In this dissertation, it is argued that based on income gaps, people form beliefs about their own economic opportunities and inequality in opportunity more generally. However, since people do not usually have access to sufficient information to form accurate beliefs about inequality in opportunity, they only hold accurate beliefs about their own economic opportunities. While people both reject unequal opportunities (inequity-aversion) and seek to maximize their well-being (self-interest), having inaccurate beliefs about the first has the consequence that people’s redistributive preferences only serve to maximize the returns from their own opportunities. Therefore, redistributive preferences are more polarized in those democracies where income gaps are larger and opportunities more unequal. This polarization makes it harder for political actors to build coalitions around redistributive policies, undermining progressive policy change.
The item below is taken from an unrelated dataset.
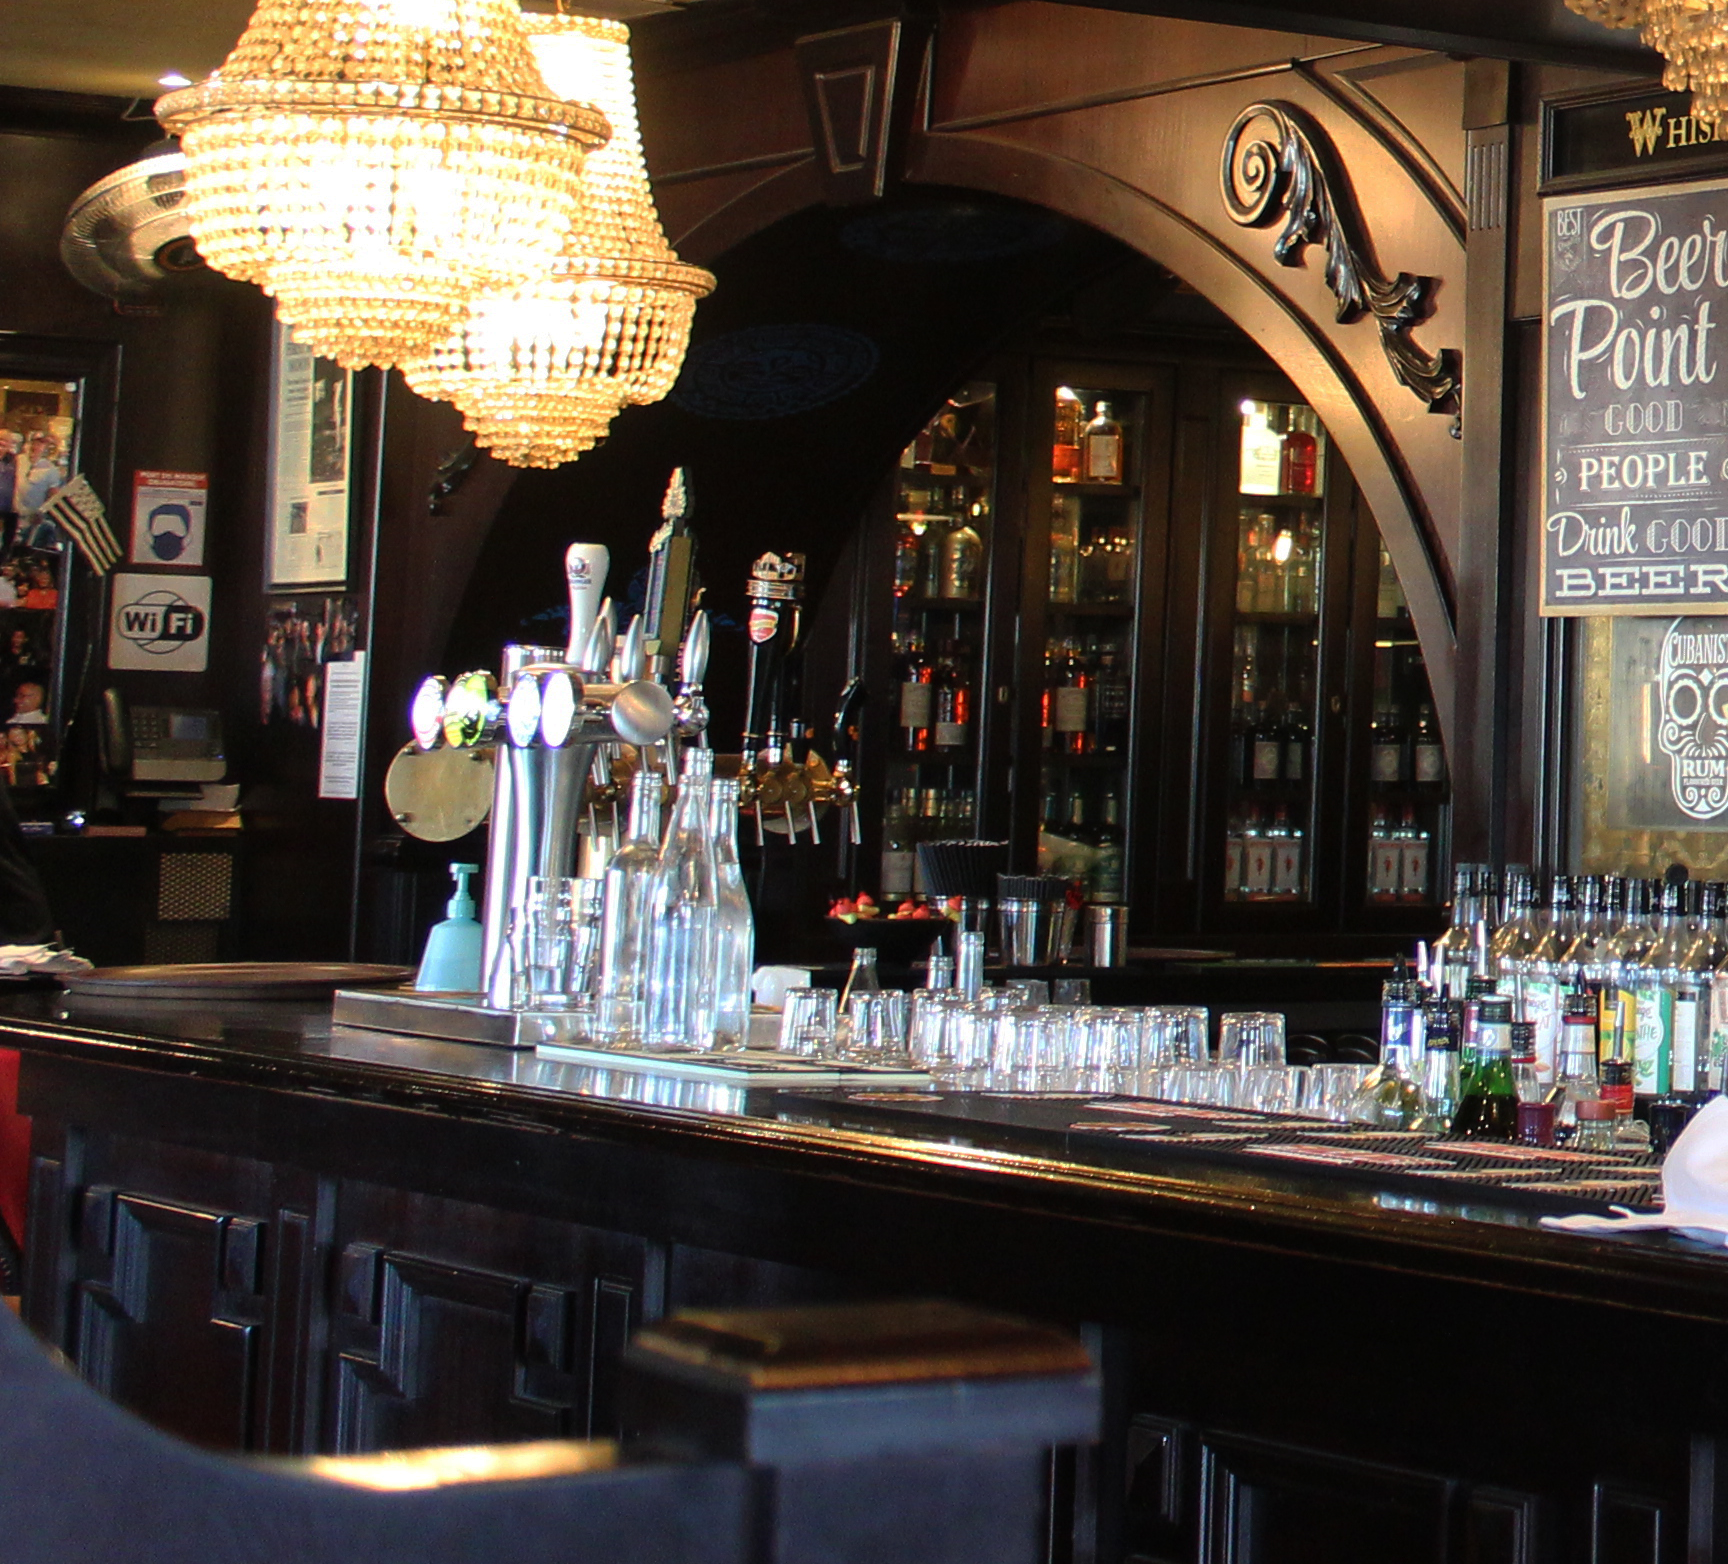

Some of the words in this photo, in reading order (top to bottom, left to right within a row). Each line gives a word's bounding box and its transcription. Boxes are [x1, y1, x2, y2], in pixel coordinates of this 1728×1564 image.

To support these arguments, this dissertation explores the formation of redistributive preferences comparatively, in a total of 21 Western democracies, including the United States and various Central and Eastern European countries. Most empirical chapters are based on secondary data sources and explore how both objective measures and subjective beliefs about inequality in opportunity can explain differences in redistributive preferences. The advanced arguments are further supported through an online survey experiment, which finds that information on income gaps strengthens the workings of inequity-aversion. Finally, a cross-country analysis shows that the suggested effect of polarization due to inequality in opportunity on governmental redistribution is robust to various alternative explanations.
In sum, this dissertation demonstrates how a closer incorporation of social cleavages into existing political economy frameworks can enhance our understanding of dynamics of inequality and redistribution in democracies. Further research should go beyond the limited time frame of this dissertation, which is restricted to a cross-sectional comparison of contemporary democracies.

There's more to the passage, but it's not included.